Selon CZ, le fondateur de Binance, la demande a été retirée en raison de forces politiques. La demande était entièrement conforme et proche de l’approbation par au moins un régulateur de l’UE avant d’être retirée.
Existe‑t‑il des preuves officielles liant la présidente de la BCE, Christine Lagarde, au retrait de la licence de Binance ?
Non.
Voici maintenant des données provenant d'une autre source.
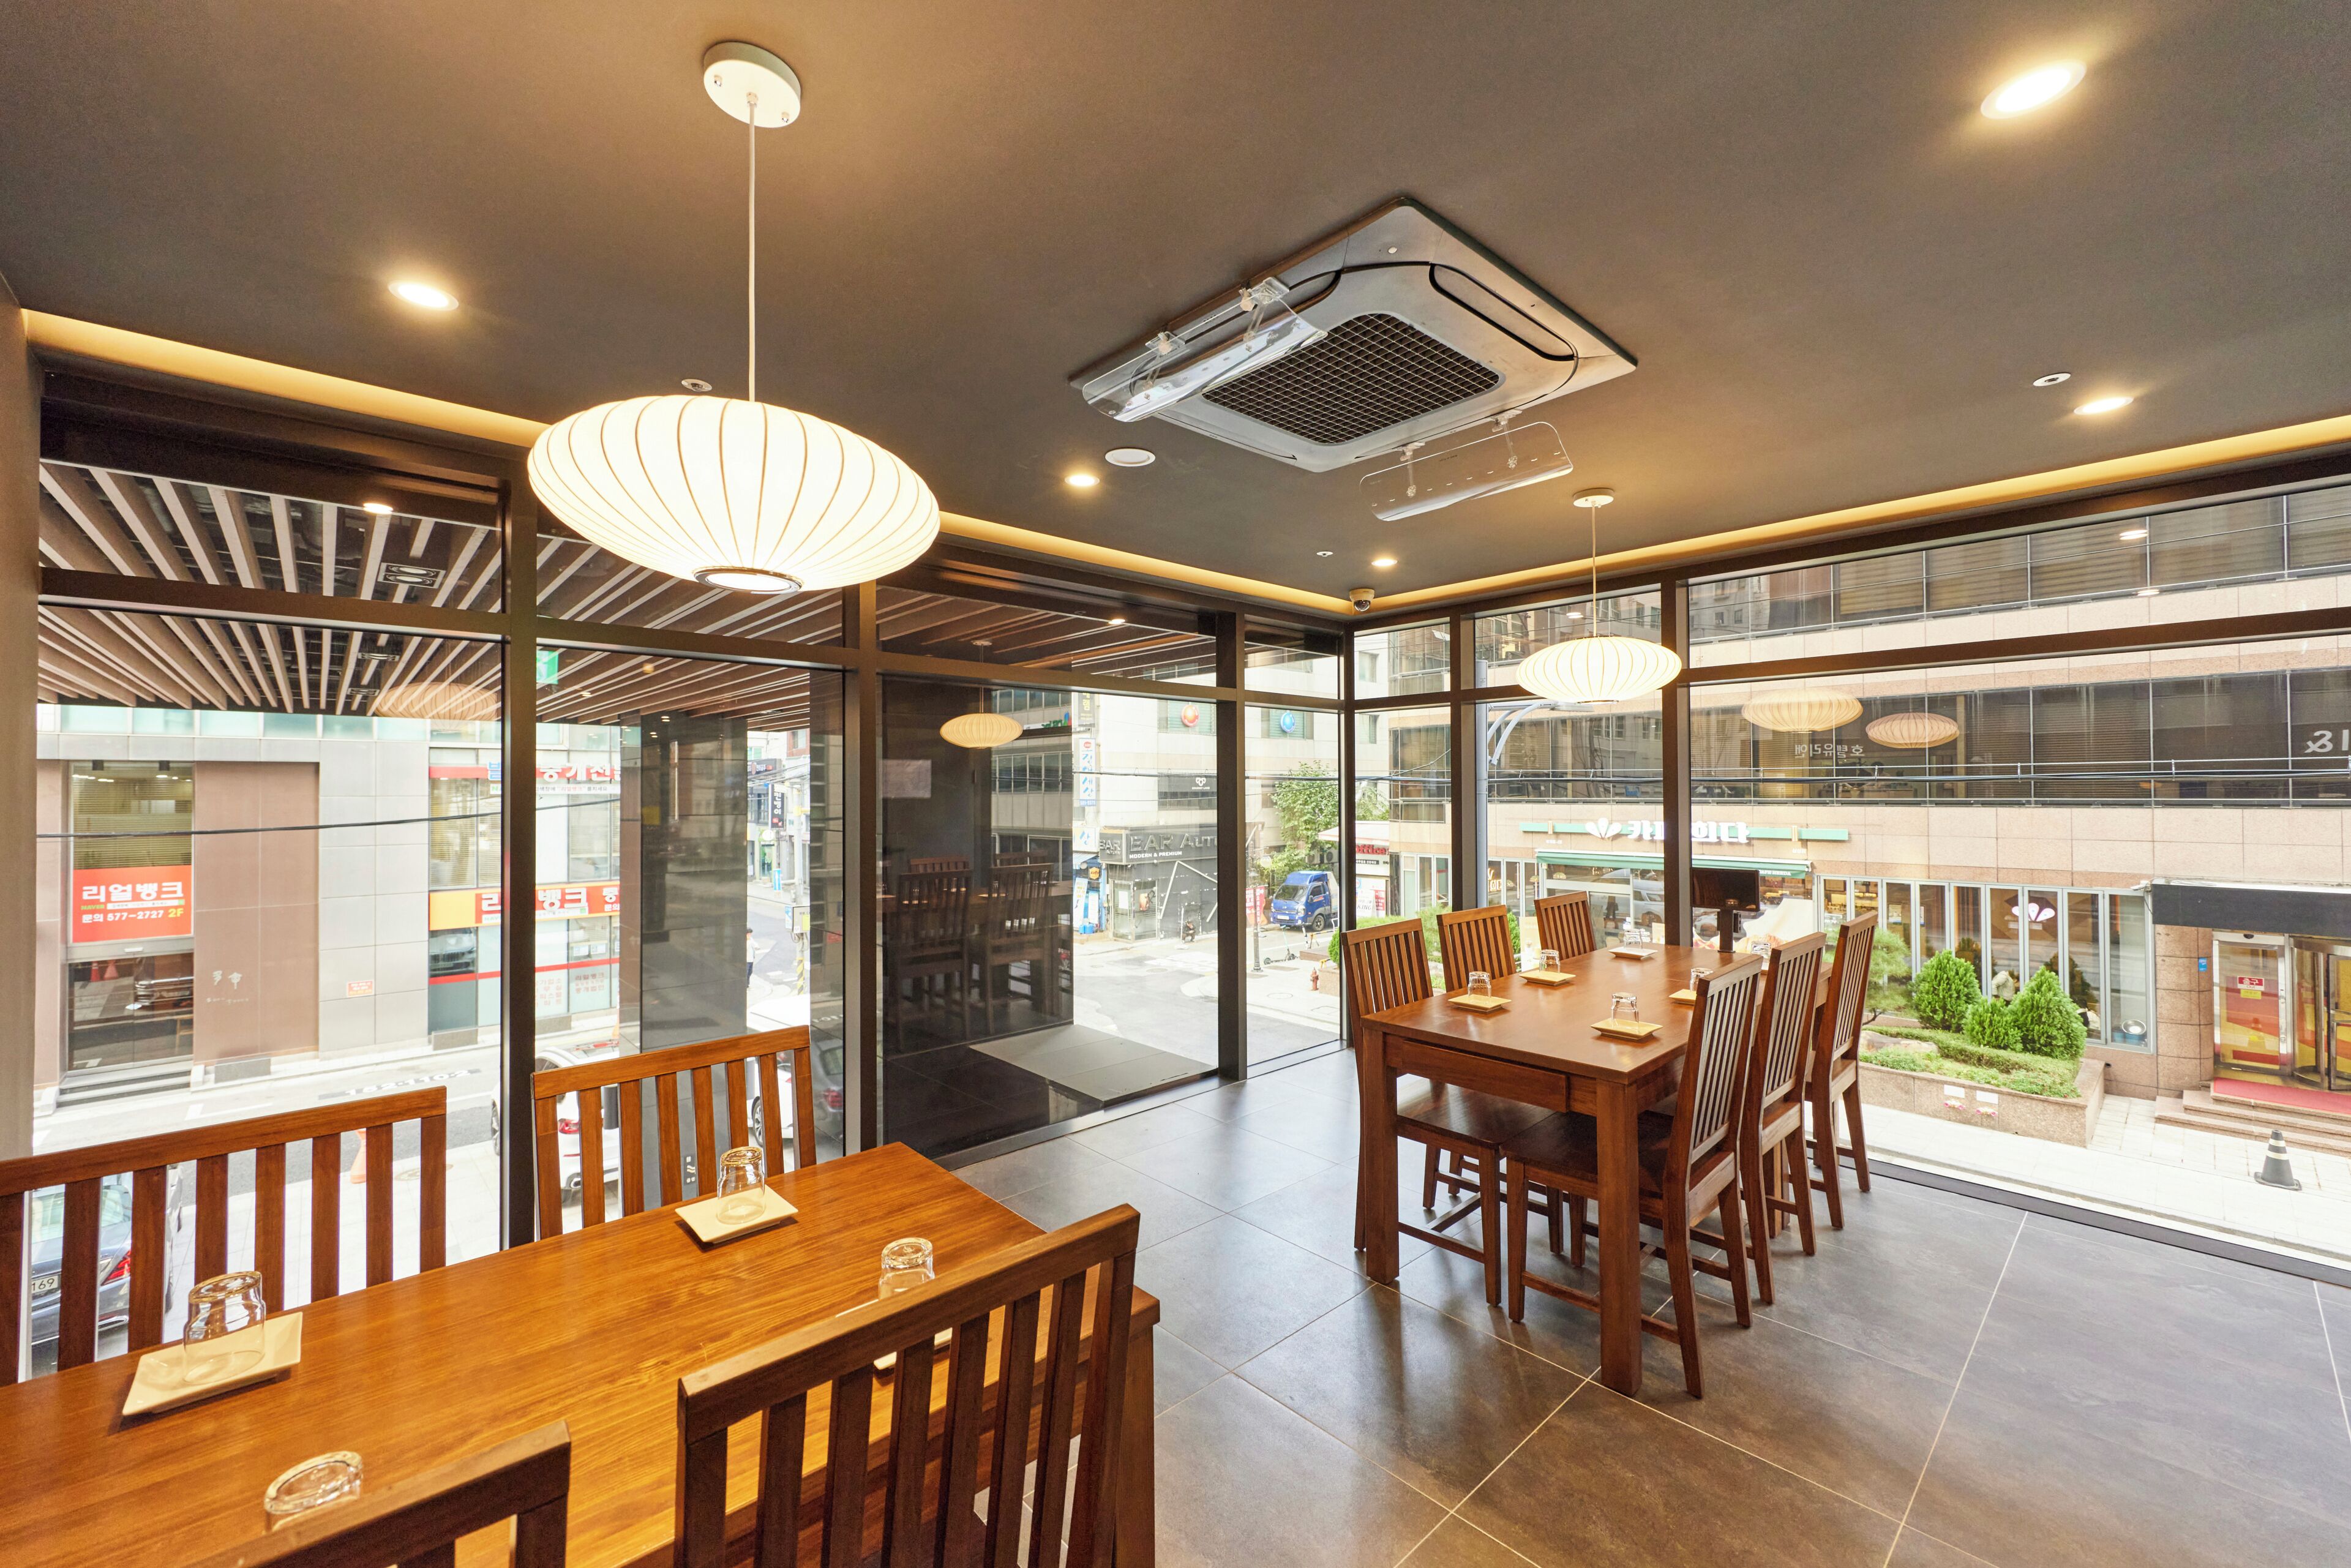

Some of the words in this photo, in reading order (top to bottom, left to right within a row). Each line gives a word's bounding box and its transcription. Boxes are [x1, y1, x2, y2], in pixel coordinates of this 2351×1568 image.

[82, 882, 184, 902] 리얼뱅크
[82, 913, 103, 923] 문의
[107, 910, 164, 921] 577-2727
[168, 908, 184, 918] 2F
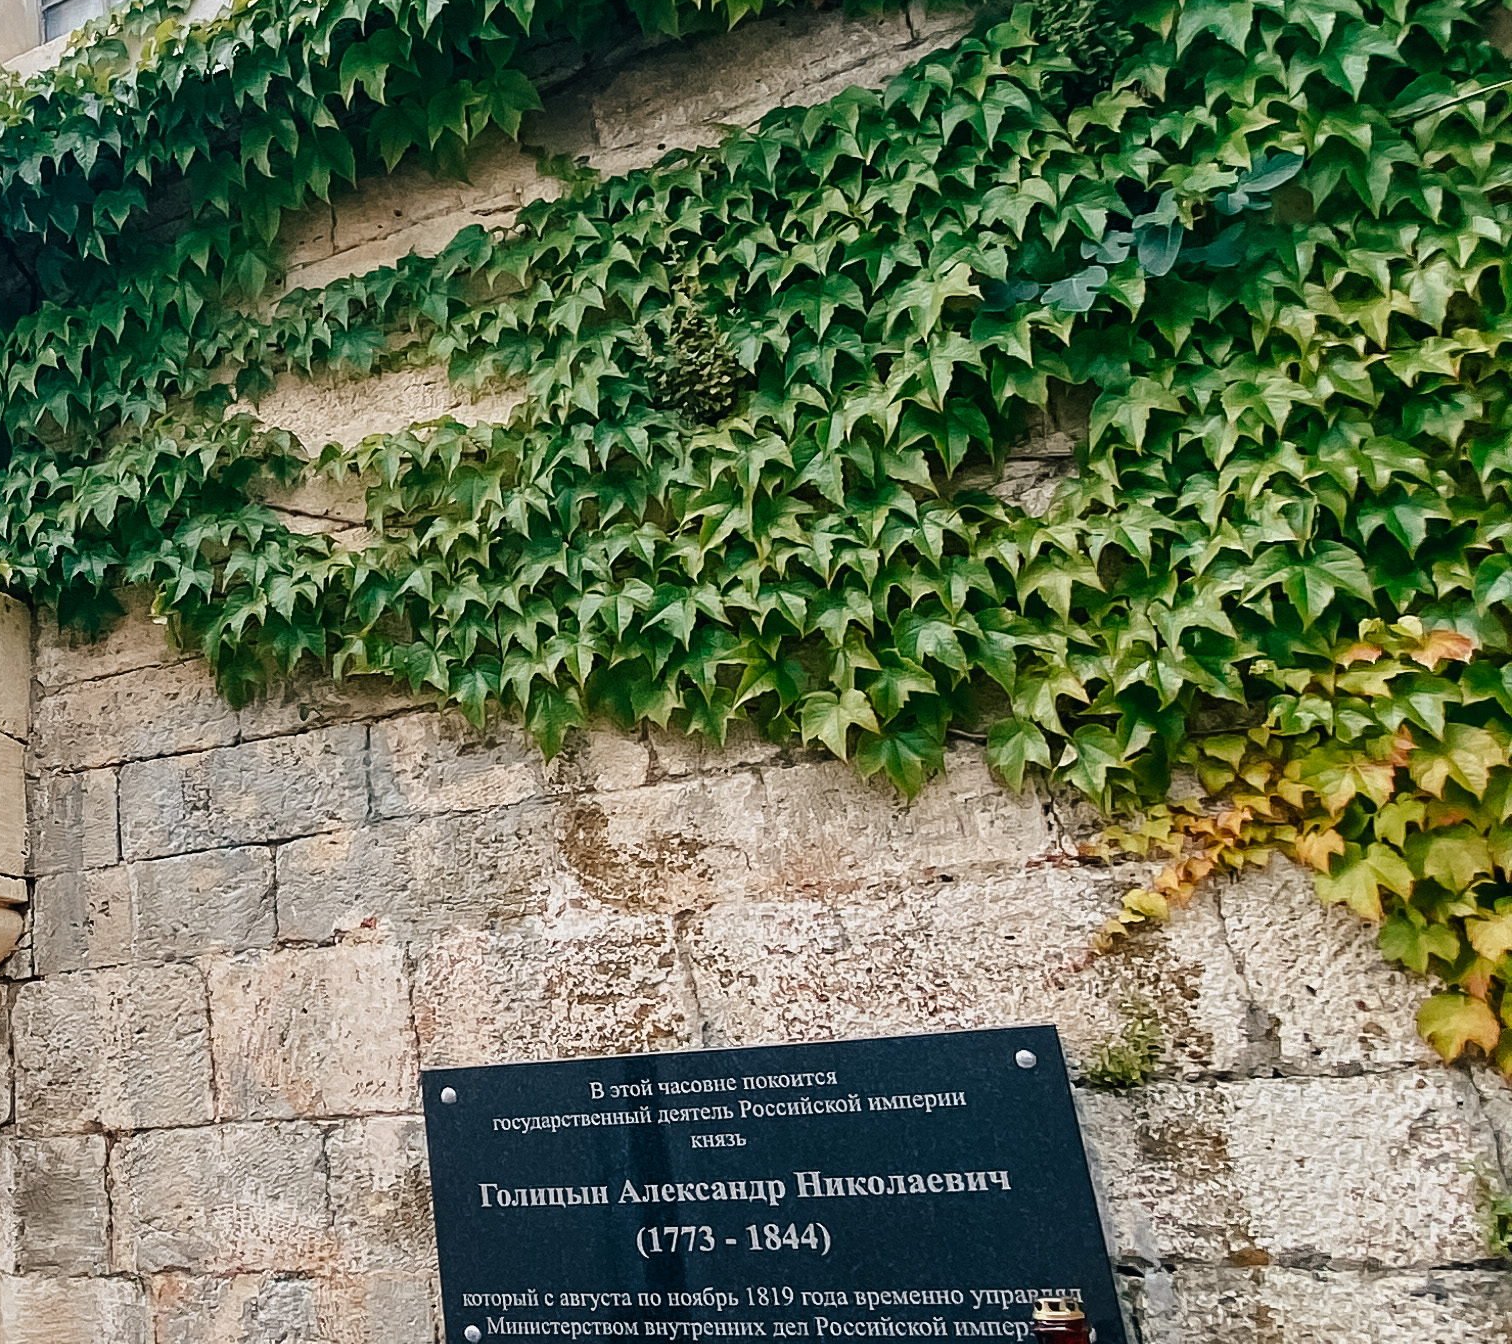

CZ a indiqué avoir vu des spéculations sur l’implication de Christine Lagarde, mais il a explicitement déclaré n’avoir vu aucune preuve officielle la reliant à la décision de retrait.
Quelle est l’opinion de CZ sur l’action préférentielle STRC de Strategy ?
CZ a qualifié l’action préférentielle STRC de Strategy de « sur‑ingénierée » et a déclaré qu’il ne comprend toujours pas pleinement comment le produit est structuré.
CZ remet‑il en question la crédibilité de Michael Saylor concernant l’action STRC ?
Non. Bien qu’il soit critique à l’égard de la conception du produit, CZ a clairement indiqué que ses réserves concernant STRC ne vont pas jusqu’à douter de la crédibilité de Michael Saylor.